Required work ->
Copy the lines below word for word, skipping any image.
--- Data under study Enclosed Below ---
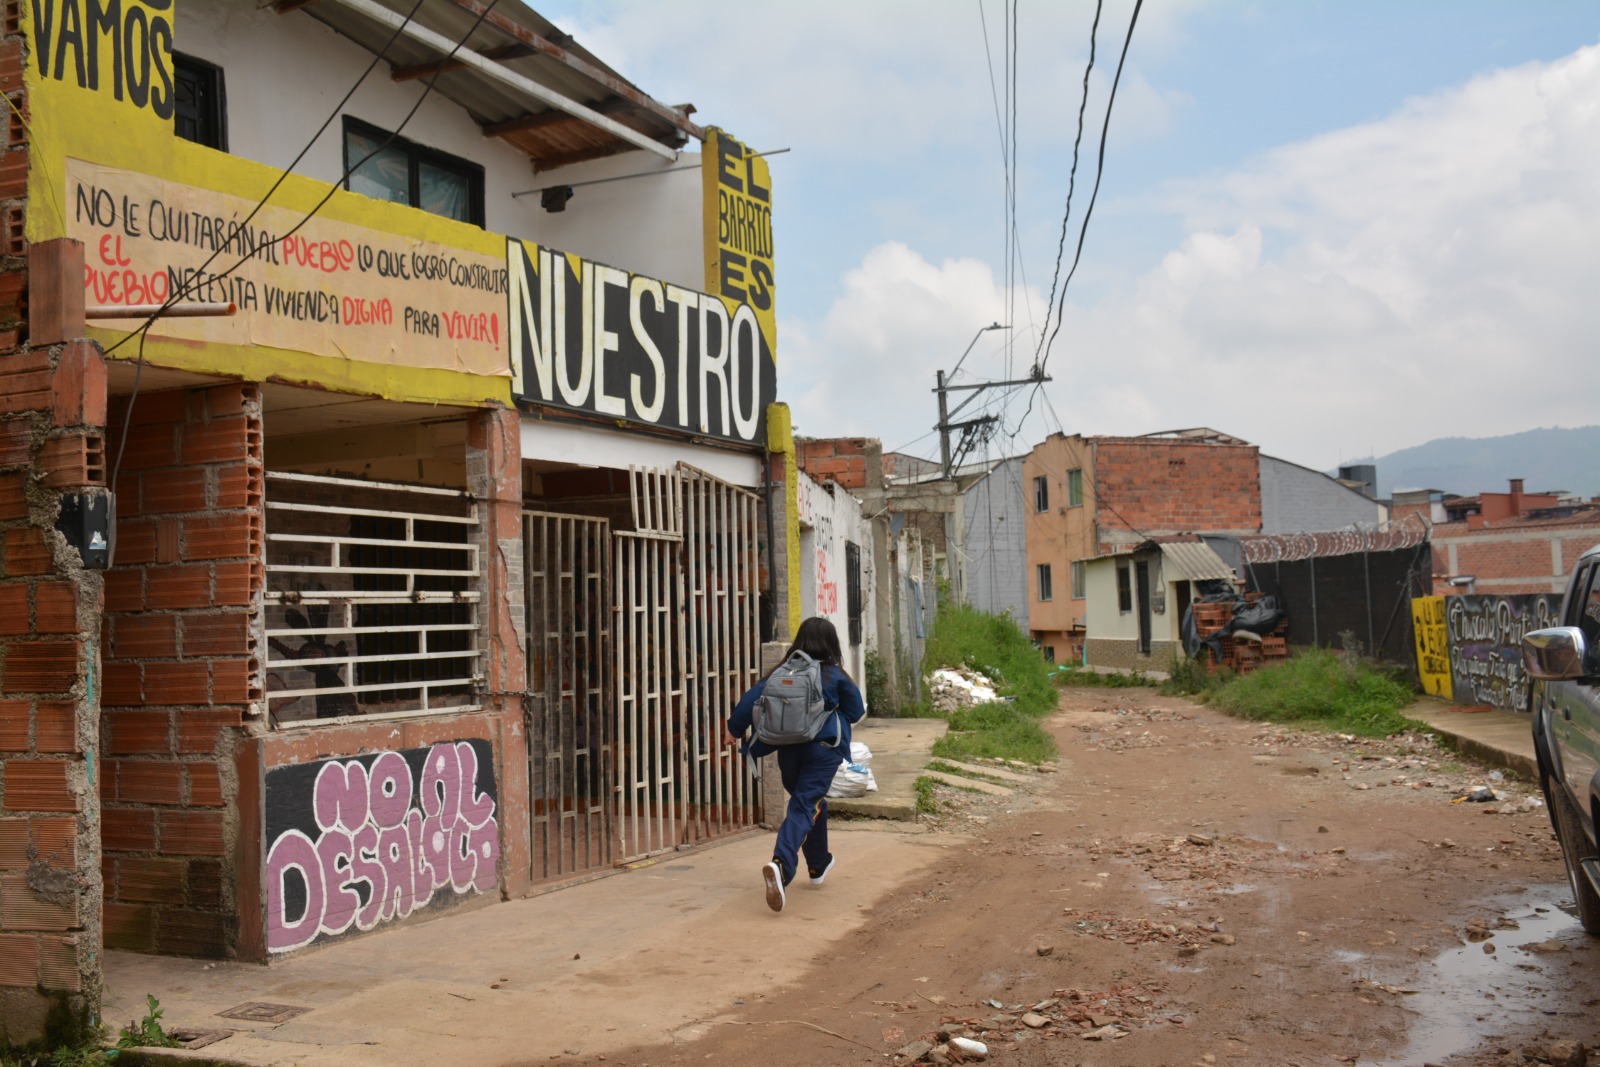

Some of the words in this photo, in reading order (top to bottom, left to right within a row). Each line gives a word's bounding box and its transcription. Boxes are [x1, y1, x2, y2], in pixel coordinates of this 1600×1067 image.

[31, 0, 174, 120] VAMOS
[717, 133, 769, 203] EL
[76, 183, 116, 228] NO
[122, 195, 141, 237] LE
[148, 199, 255, 259] QUITARÁN
[258, 230, 279, 266] AL
[282, 234, 355, 273] PUEBLO
[357, 243, 373, 272] LO
[377, 249, 411, 280] QUE
[412, 251, 448, 281] LOGRÓ
[448, 257, 508, 295] CONSTRUIR
[99, 233, 131, 266] EL
[718, 188, 773, 260] BARRIO
[168, 264, 258, 311] NECESITA
[264, 283, 339, 324] VIVIENDA
[342, 296, 393, 326] DIGNA
[404, 306, 439, 339] PARA
[442, 309, 500, 351] VIVIR!
[719, 248, 774, 311] ES
[507, 239, 761, 441] NUESTRO
[313, 751, 413, 835] NO
[420, 741, 495, 831] AL
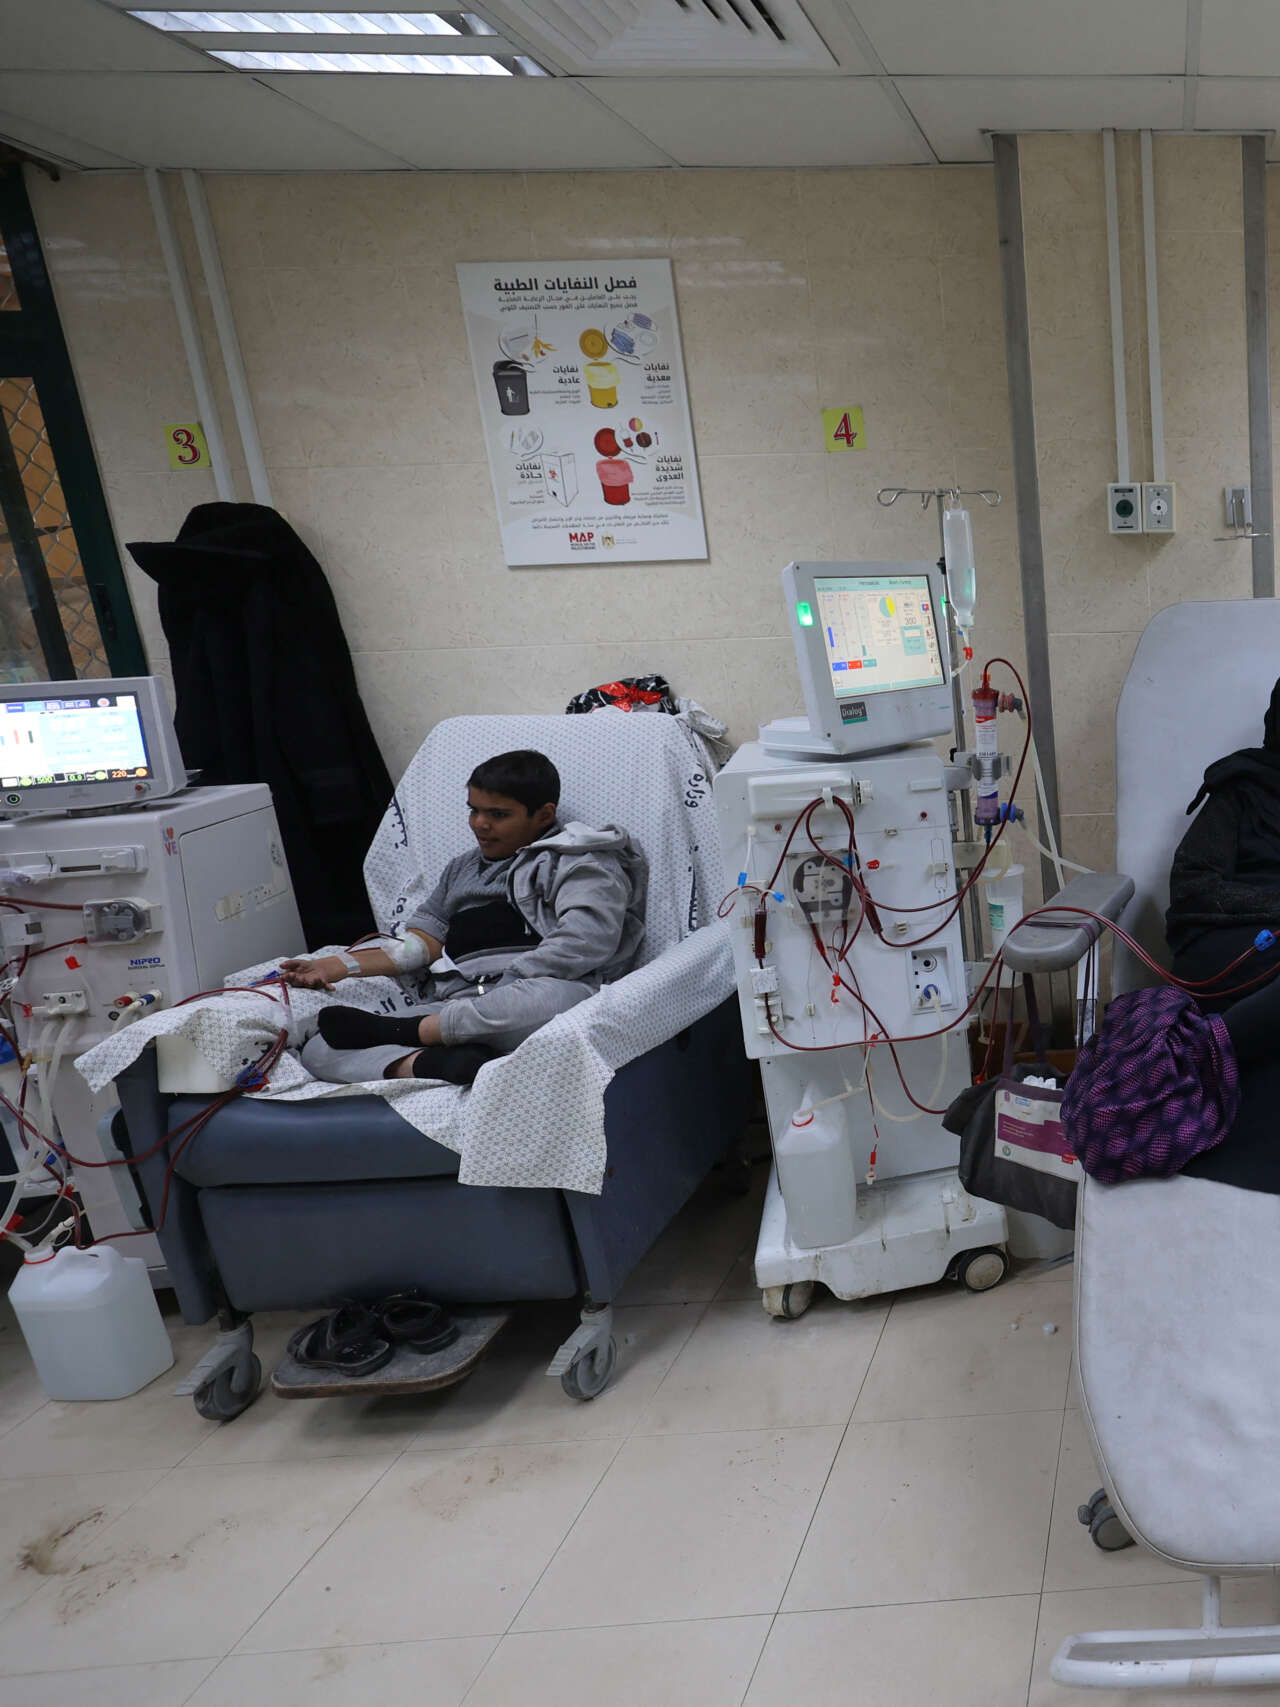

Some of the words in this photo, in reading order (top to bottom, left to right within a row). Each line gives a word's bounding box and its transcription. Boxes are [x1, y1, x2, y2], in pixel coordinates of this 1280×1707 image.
--- End of Enclosed Data under study ---
Written answer ->
Some of the words in this photo, in reading order (top to bottom, left to right within a row). Each line gives a word's bounding box and its transcription. Boxes are [x1, y1, x2, y2], in pixel coordinates of this 1600×1067 image.

[31, 0, 174, 120] VAMOS
[717, 133, 769, 203] EL
[76, 183, 116, 228] NO
[122, 195, 141, 237] LE
[148, 199, 255, 259] QUITARÁN
[258, 230, 279, 266] AL
[282, 234, 355, 273] PUEBLO
[357, 243, 373, 272] LO
[377, 249, 411, 280] QUE
[412, 251, 448, 281] LOGRÓ
[448, 257, 508, 295] CONSTRUIR
[99, 233, 131, 266] EL
[718, 188, 773, 260] BARRIO
[168, 264, 258, 311] NECESITA
[264, 283, 339, 324] VIVIENDA
[342, 296, 393, 326] DIGNA
[404, 306, 439, 339] PARA
[442, 309, 500, 351] VIVIR!
[719, 248, 774, 311] ES
[507, 239, 761, 441] NUESTRO
[313, 751, 413, 835] NO
[420, 741, 495, 831] AL

Some of the words in this photo, in reading order (top to bottom, left to right within a row). Each line gives a word's bounding box and its transcription. Boxes are [x1, y1, x2, y2], in pixel coordinates of this 1280×1707 image.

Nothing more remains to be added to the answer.